— WHAT THE TASK REQUIRES —
Only the images are to be dropped; the records themselves must be repeated exactly.

====== PROVIDED MATERIAL

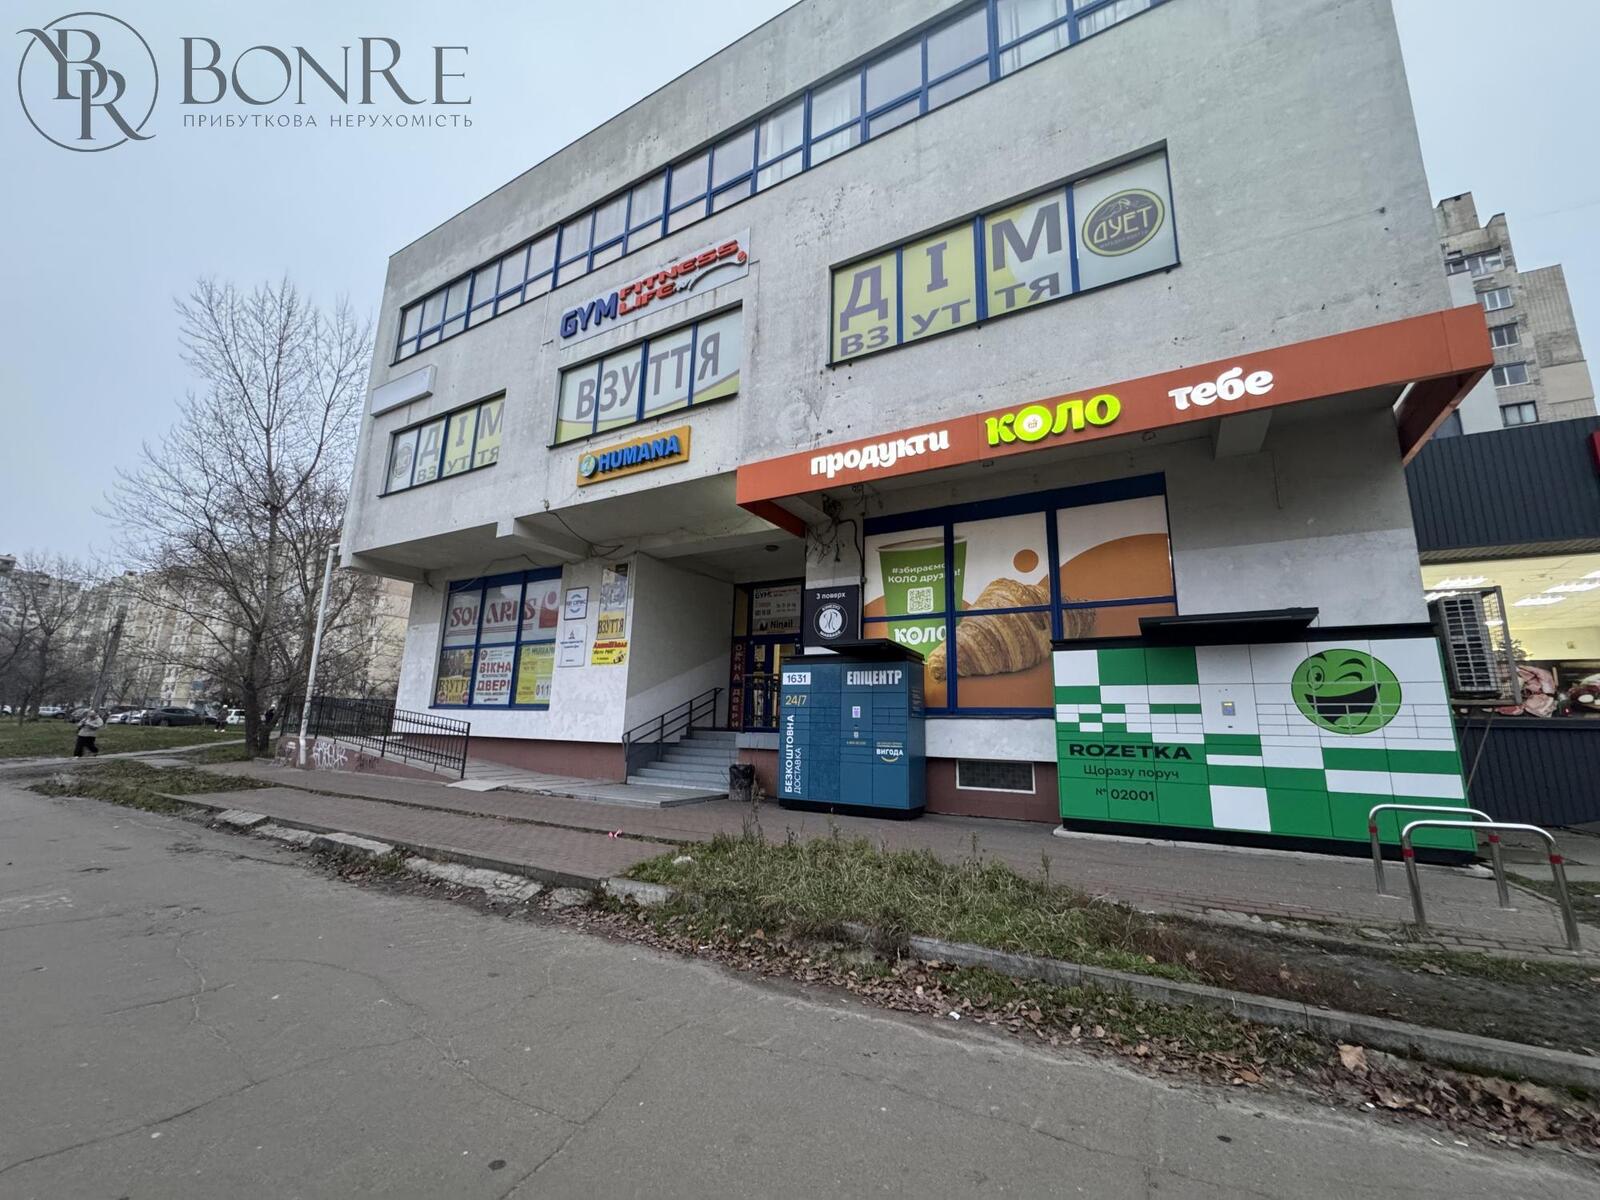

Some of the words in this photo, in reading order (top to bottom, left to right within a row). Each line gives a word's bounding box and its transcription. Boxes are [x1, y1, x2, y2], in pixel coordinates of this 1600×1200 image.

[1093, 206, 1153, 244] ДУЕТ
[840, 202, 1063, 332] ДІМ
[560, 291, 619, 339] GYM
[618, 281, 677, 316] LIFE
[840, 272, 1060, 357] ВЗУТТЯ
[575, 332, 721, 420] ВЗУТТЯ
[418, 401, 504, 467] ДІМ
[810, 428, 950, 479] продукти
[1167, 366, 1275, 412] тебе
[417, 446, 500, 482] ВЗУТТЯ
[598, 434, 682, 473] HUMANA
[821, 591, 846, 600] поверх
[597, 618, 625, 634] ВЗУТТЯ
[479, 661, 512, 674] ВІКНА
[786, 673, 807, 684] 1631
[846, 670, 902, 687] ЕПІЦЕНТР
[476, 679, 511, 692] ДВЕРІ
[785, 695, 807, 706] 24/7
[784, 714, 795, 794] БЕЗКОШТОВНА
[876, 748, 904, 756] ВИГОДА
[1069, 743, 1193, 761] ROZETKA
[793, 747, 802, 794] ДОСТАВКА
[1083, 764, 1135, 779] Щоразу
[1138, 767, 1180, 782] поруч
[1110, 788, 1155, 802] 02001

============

— RESPONSE TO THE TASK —
Some of the words in this photo, in reading order (top to bottom, left to right within a row). Each line gives a word's bounding box and its transcription. Boxes are [x1, y1, x2, y2], in pixel coordinates of this 1600×1200 image.

[1093, 206, 1153, 244] ДУЕТ
[840, 202, 1063, 332] ДІМ
[560, 291, 619, 339] GYM
[618, 281, 677, 316] LIFE
[840, 272, 1060, 357] ВЗУТТЯ
[575, 332, 721, 420] ВЗУТТЯ
[418, 401, 504, 467] ДІМ
[810, 428, 950, 479] продукти
[1167, 366, 1275, 412] тебе
[417, 446, 500, 482] ВЗУТТЯ
[598, 434, 682, 473] HUMANA
[821, 591, 846, 600] поверх
[597, 618, 625, 634] ВЗУТТЯ
[479, 661, 512, 674] ВІКНА
[786, 673, 807, 684] 1631
[846, 670, 902, 687] ЕПІЦЕНТР
[476, 679, 511, 692] ДВЕРІ
[785, 695, 807, 706] 24/7
[784, 714, 795, 794] БЕЗКОШТОВНА
[876, 748, 904, 756] ВИГОДА
[1069, 743, 1193, 761] ROZETKA
[793, 747, 802, 794] ДОСТАВКА
[1083, 764, 1135, 779] Щоразу
[1138, 767, 1180, 782] поруч
[1110, 788, 1155, 802] 02001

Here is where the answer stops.